Load as heavy as deemed fit. Perform all 5 reps on 1 side before switching to the other.

3) 10 minute AMRAP:

15 Sumo Deadlift High-Pulls 75/55

40 Single-unders

9 Shoulder-to-Overhead 75/55

40 Single-unders


Extra Work:

4) Farmers Carry: 400m

Pick a load you can complete in under 10 minutes. Keep track of time and attempts to complete.


For results post detailed weights, reps, times, thoughts, etc. for all work completed HERE

Champlain Valley CrossFit – Fitness: Thursday, October 12th, 2017

*Fall/Winter Holiday Schedule HERE

WOD:

1) 40 minute EMOTM:

Minute 1 –  Monostructural Conditioning

Minute 2 –  Monostructural Conditioning

Minute 3 – Gymnastics/Skill

Minute 4 – Gymnastics/Skill

Minute 5 –  Non-Monostructural Conditioning

Minute 6 –  Non-Monostructural Conditioning

Minute 7 – Barbell

Minute 8 – Barbell

Movement 1 – Monstructural Conditoining – Row, Assault Bike, Ski Erg, Run, or Burpees. Double-unders are not an option.
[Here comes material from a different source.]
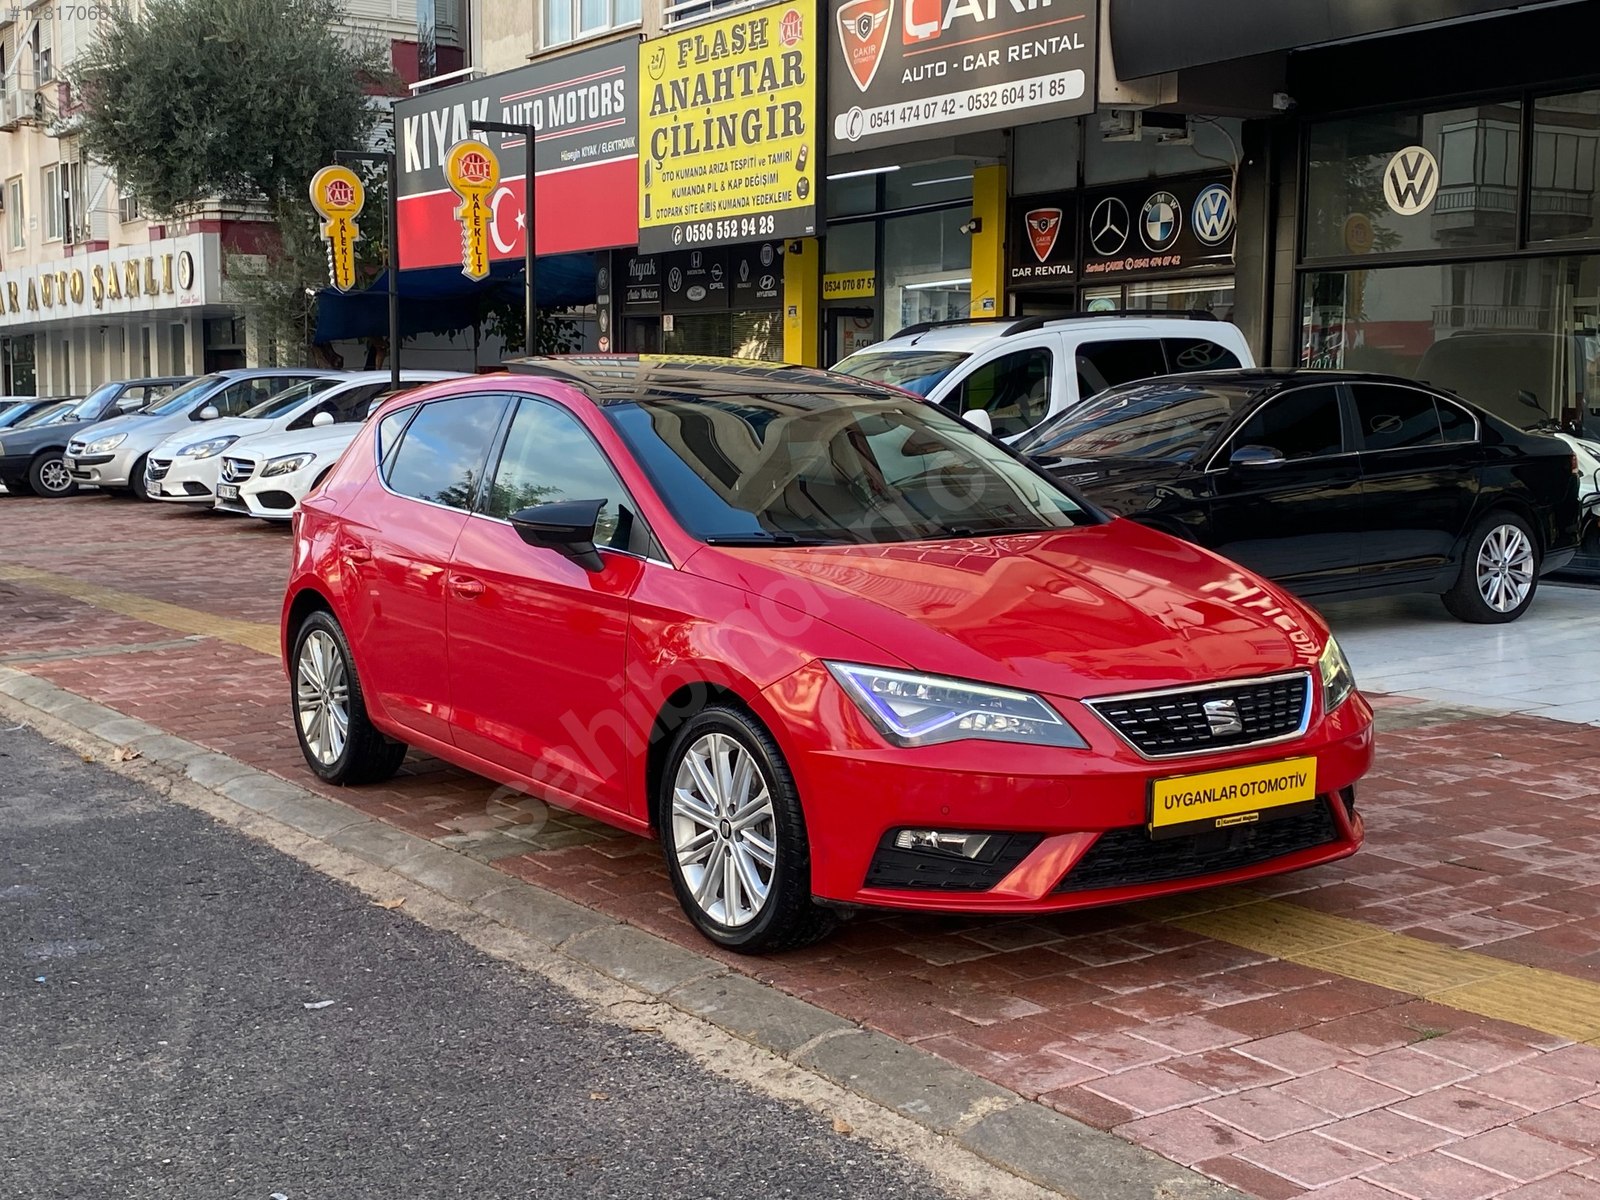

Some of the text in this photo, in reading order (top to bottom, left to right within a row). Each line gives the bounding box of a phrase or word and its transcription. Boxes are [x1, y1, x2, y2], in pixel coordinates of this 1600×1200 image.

Pick a Distance or Caloric output that leaves you with about 40-50 seconds of work on each round.

Movement 2 – Gymnastics/Skill – Push-ups, Pull-ups, Toes-to-bar, Handstand Walks, Double-unders, Muscle-ups, etc. This should be up to about 10-20 seconds of work (30 seconds if you’re working Double-unders).

Movement 3 – Non-Monstructural Conditioning – Wall Balls, Box Jumps, Ball Slams, Kettlebell Swings, lightweight/higher rep Barbell work Thrusters, Cleans, Snatches, STOH, etc, Sled Drag, Farmers Carry, Battle Ropes. This should be approximately 20-30 seconds worth of work.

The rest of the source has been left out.